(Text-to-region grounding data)
|---|

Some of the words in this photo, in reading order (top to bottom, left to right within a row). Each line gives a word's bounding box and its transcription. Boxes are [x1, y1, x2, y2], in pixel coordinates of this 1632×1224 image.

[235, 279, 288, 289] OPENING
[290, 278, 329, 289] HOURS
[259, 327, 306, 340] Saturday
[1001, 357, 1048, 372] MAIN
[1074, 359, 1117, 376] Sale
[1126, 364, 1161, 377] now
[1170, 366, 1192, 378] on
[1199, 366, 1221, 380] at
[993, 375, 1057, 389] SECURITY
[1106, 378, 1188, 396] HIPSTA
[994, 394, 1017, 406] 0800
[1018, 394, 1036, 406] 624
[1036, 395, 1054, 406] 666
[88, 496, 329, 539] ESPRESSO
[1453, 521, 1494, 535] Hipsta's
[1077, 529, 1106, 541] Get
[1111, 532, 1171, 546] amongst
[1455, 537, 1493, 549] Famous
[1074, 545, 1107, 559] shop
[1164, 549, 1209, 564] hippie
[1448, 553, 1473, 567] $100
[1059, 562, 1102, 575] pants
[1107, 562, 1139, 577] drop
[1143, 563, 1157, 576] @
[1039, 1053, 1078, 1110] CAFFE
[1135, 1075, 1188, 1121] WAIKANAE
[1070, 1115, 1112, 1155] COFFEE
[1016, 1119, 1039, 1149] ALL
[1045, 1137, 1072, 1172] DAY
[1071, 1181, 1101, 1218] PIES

|---|

All records must be repeated exactly, with none skipped.

Some of the words in this photo, in reading order (top to bottom, left to right within a row). Each line gives a word's bounding box and its transcription. Boxes are [x1, y1, x2, y2], in pixel coordinates of this 1632×1224 image.

[235, 279, 288, 289] OPENING
[290, 278, 329, 289] HOURS
[259, 327, 306, 340] Saturday
[1001, 357, 1048, 372] MAIN
[1074, 359, 1117, 376] Sale
[1126, 364, 1161, 377] now
[1170, 366, 1192, 378] on
[1199, 366, 1221, 380] at
[993, 375, 1057, 389] SECURITY
[1106, 378, 1188, 396] HIPSTA
[994, 394, 1017, 406] 0800
[1018, 394, 1036, 406] 624
[1036, 395, 1054, 406] 666
[88, 496, 329, 539] ESPRESSO
[1453, 521, 1494, 535] Hipsta's
[1077, 529, 1106, 541] Get
[1111, 532, 1171, 546] amongst
[1455, 537, 1493, 549] Famous
[1074, 545, 1107, 559] shop
[1164, 549, 1209, 564] hippie
[1448, 553, 1473, 567] $100
[1059, 562, 1102, 575] pants
[1107, 562, 1139, 577] drop
[1143, 563, 1157, 576] @
[1039, 1053, 1078, 1110] CAFFE
[1135, 1075, 1188, 1121] WAIKANAE
[1070, 1115, 1112, 1155] COFFEE
[1016, 1119, 1039, 1149] ALL
[1045, 1137, 1072, 1172] DAY
[1071, 1181, 1101, 1218] PIES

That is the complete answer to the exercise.